The Nordic Africa Institute

About the project and the documentation

This resource provides finding aids of primary source materials that can be found at the different Nordic archival institutions, NGOs and archives of individuals who have been involved in the liberation struggles in Southern Africa.

The available materials are mainly in the Nordic languages, but where possible, English is indicated. The resource holdings include interviews with important actors, photographs, publications and posters and pins from 1960-1996. The finding aids are meant to facilitate information search on the Nordic countries' involvement in the liberation struggles and directs the information seekers to where the information can be found. It also makes available some archival materials in PDF for downloading.
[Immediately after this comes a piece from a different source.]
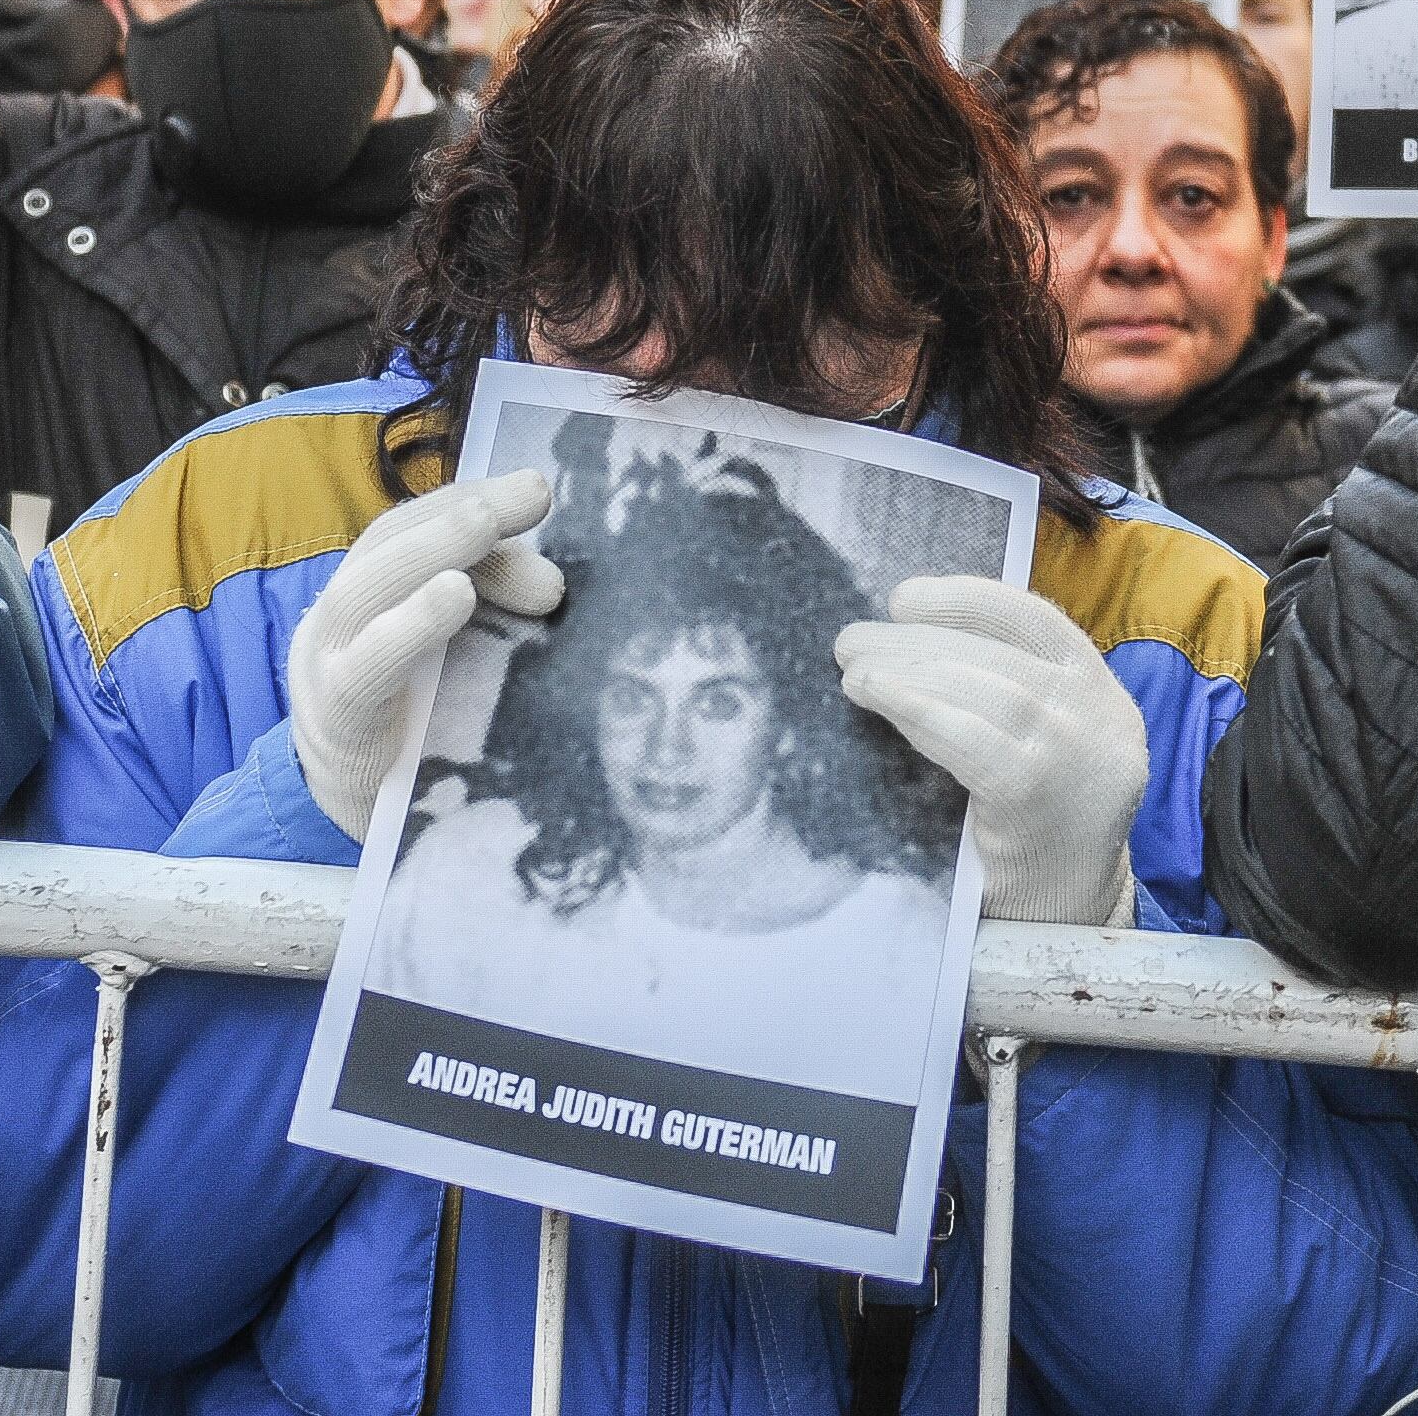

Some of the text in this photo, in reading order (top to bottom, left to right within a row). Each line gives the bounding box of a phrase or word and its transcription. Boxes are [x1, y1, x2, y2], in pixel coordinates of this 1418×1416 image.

[407, 1051, 837, 1176] ANDREA JUDITH GUTERMAN
Statements of fact or opinion appearing in articles published here are solely those of the authors and do not imply endorsement by the Nordic Africa Institute as an organisation.

According to the statement issued by the Swedish Data Inspection Board, the materials on this website meet with the Board's stipulated regulations. For information on how personal data is handled, please see our information on Integrity policy. Also follow link for contact  regarding correcting or deleting personal data according to GDPR.

Abbreviations

The project started in 2003 and was completed in 2009.

The Nordic Africa Institute has for a number of years played an important role in documenting the Nordic involvement in the National Liberation Struggle in Southern Africa. In the present process of state building in Southern Africa, there is a search for history and its role in forming and reforming national consciousness. In this respect, it has become evident that the background materials that have been collected in the Nordic countries have an important role to play in filling the gaps that might exist in the search for a new "liberation history".

In 2003 the Nordic Africa Institute initiated a project to identify archives in the Nordic countries, that cover documentation on anti-apartheid resistance and the liberation struggle in Southern Africa, mainly South Africa and Namibia, during 1960-1990 (Other countries are covered, see below). Around this time, a large number of organisations in the Nordic countries e.g. government bodies, youth and church organisations, political parties and solidarity groups participated in the struggle. As a result, vast bilateral cooperation emerged and many well documented conferences and meetings were held in the Nordic countries and in Africa. Several visits to refugee camps in Africa and encounters with different leaders were also documented on videos, tapes and in pictures.

Another result was a website that works as an reference source. It was launched on 24 April 2007. The website liberationafrica.se was online until february 2020, when the content was migrated to be a resource material on this website, nai.uu.se.

Organisations in Denmark, Finland, Iceland, Norway and Sweden have localized, catalogued and organized archives on the liberation struggle. The archival lists are available in a database, found here, that has been created to make the materials known and easily accessible for researchers, students and others who are interested in this part of the world history.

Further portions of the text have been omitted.